Experience-based AI legislation in Estonia
For years, Ott Velsberg, Estonian Government Chief Data Officer, has been intimately engaged with the AI legislation. Among other topics, he helped to develop Estonian own AI strategy both in 2019 and 2021, focusing on two principles: first, regulation should be developed based on experience with the use of AI in specific fields; and, second, instead of developing separate AI law, we will contribute to the overarching European legislation. Both of these principles allow him to offer comments and valuable insights that, he hopes, will improve the proposed legislation.
“We welcome the proposed AI directive because we have long supported the idea that European wide harmonised regulation ensures a common market, and minimising risks increases acceptance of AI technologies,” Velsberg says. “Our concern is that the definition of AI in this draft is too wide and the scope of its application occasionally too sweeping. And I can assure you that in this assessment, we rely on the long experience Estonia has with AI in the public sector.”
Velsberg brought an example of “Personal Data Usage Monitor”: an easily accessible and user-friendly way of providing an overview to Estonian citizens who and why has processed their data stored in government databases.
“One simply has to log onto our national portal, click on the menu item, and every data query becomes visible,” Velsberg explains. “We are currently working on expanding this to every instance where personal data is used in Estonia. I believe this could be a useful example for European legislators who are concerned about data use transparency.”
How to define AI? And what constitutes risky?
Doris Põld, CEO of the Estonian Association of Information Technology and Telecommunications, who contributed input for developing Estonia’s official position in June last year, agrees that it is reasonable to approach AI legislation based on risk assessment.
“The aim of the risk-based approach is to define stricter restrictions where the risk is unacceptable and to prohibit the use of artificial intelligence in certain cases,” Põld suggests. (“We only need to think that the alternative is to create uniform requirements for all AI regardless of its application,” Velsberg adds.) However, both Velsberg and Põld point to an unnecessarily broad definition of AI. According to Põld, in addition to complex and high-risk AI systems, there are plans to bring relatively simple automated IT systems and solutions under it.
Velsberg, who has done an initial assessment and concludes, that 40% of all AI solutions in the Estonian public sphere might fall into the “high risk” category while only some to minimal risk and almost none to unacceptable risk category.
“We suggest that the definition of AI should be narrower, for example, pertaining to machine learning in particular,” Velsberg says. “This would ensure that we are actually able to single out AI use from among other statistical or technological solutions.”
“Also, the list of areas where AI risk should be assessed is quite large, but our experience tells us that the actual application could be quite risk-free if the solutions are developed in a thought-out manner,” Velsberg adds. As an example, he points to the decision-assistant that helps to choose a career path for the applicant in the Estonian Unemployment Fund.
“In the current draft, employment and HR are in high-risk categories. But does the decision assistant really contain high risk? Our suggestion is to look closely at this proposed list and the real-world applications to establish a more reasonable match between the use-cases and their actual risk,” Velsberg concludes.

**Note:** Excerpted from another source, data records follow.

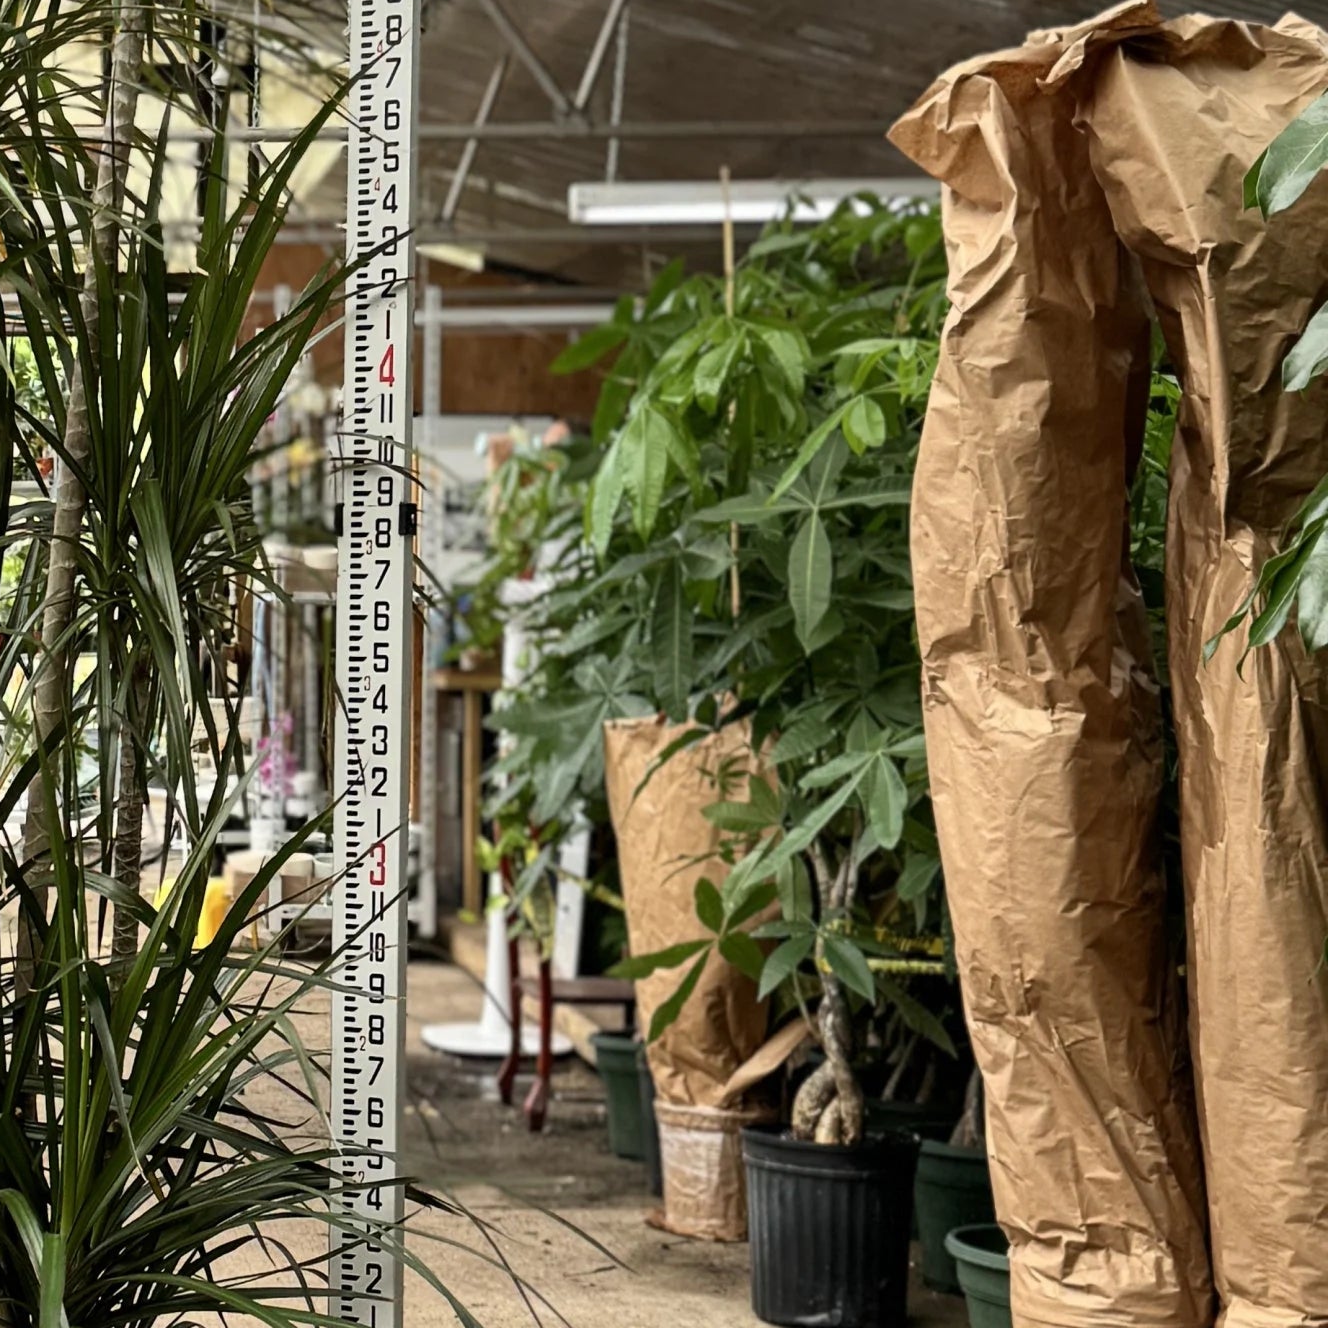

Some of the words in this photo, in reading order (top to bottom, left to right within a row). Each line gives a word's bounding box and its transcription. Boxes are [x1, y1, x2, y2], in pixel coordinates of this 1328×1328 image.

[386, 15, 402, 45] 8
[386, 57, 401, 88] 7
[385, 100, 400, 130] 6
[384, 141, 399, 172] 5
[382, 184, 398, 214] 4
[381, 268, 397, 299] 2
[379, 344, 395, 388] 4
[380, 393, 393, 423] 11
[378, 436, 393, 465] 10
[378, 476, 393, 506] 9
[375, 518, 391, 548] 8
[375, 560, 390, 590] 7
[374, 601, 390, 631] 6
[373, 642, 389, 673] 5
[372, 684, 388, 714] 4
[372, 725, 388, 755] 3
[371, 767, 387, 797] 2
[369, 843, 386, 886] 3
[372, 891, 383, 921] 11
[370, 932, 385, 962] 10
[369, 973, 385, 1004] 9
[359, 1036, 367, 1052] 2
[369, 1015, 384, 1045] 8
[368, 1056, 384, 1086] 7
[367, 1097, 383, 1128] 6
[367, 1139, 383, 1170] 5
[367, 1184, 382, 1210] 4
[366, 1263, 382, 1294] 2

Concerns of added administrative burden
Because of the wide scope of proposed legislation, Põld is concerned about the increased administrative burden for many Estonian companies. While large global companies would have little problems in responding to the increased need for certification and transparency, the burden would be especially detrimental to small and medium-sized companies (SME) who provide a majority of Estonian solutions. For their development projects, added costs for risk assessment would cap innovation, and damage Europe’s competitiveness.

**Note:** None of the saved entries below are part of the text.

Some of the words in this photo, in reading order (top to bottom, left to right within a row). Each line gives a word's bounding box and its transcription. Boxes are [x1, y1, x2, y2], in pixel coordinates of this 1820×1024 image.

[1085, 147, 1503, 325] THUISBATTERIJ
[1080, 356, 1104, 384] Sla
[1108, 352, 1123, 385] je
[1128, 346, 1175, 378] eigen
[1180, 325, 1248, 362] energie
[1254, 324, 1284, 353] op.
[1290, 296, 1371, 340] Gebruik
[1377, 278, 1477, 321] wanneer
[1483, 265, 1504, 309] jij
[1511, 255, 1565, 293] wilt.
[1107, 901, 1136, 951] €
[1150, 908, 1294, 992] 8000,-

Because of the large scope, companies relying extensively on AI, such as Veriff, are looking for clarity in the rules of application for each player in the system. “This helps to understand everyone’s role and obligations,” comments Veriff’s founder and CEO, Kaarel Kotkas.
The administrative burden would also hit the public sector. Velsberg has estimated that the regulation in its initial form could all together add roughly 93 million euros of costs to the public sector services currently already developed and under development in Estonia.
“We agree with most principles that the AI regulation includes, but in some instances the requirements are unreasonable. For example, the directive demands that data sets should be “representative, free of errors and complete”. When we look at the most exact public data sets in Estonia, for example even census data or land cadastre, it is not possible to achieve 100% accuracy. There is little added value or minimisation of risk involved in achieving this level of accuracy,” Ott Velsberg says.
A pragmatic way forward
Linnar Viik, Estonian IT-visionary, one of the leading figures in the “Tiger Leap”, the state-wide digitalisation effort in the 1990s, agrees that the concerns that the proposed legislation addresses, are valid. But he also suggests that we should critically examine to what extent the current activities hold true to the underlying principles.
“The Estonian approach has always been pragmatic. As we have deployed AI in our public sphere for various aims, we have always considered how our current legislative framework supports these aims, and reacted retrospectively. In this regard the field of AI differs from the developments of, say, railroads and bridges. It is very turbulent, highly competitive, and there will always remain some risks and doubts,” Viik draws a parallel. “I think the lessons we have learned provide an example of how to address the risks, and at the same time allow us to strive in the global competition.”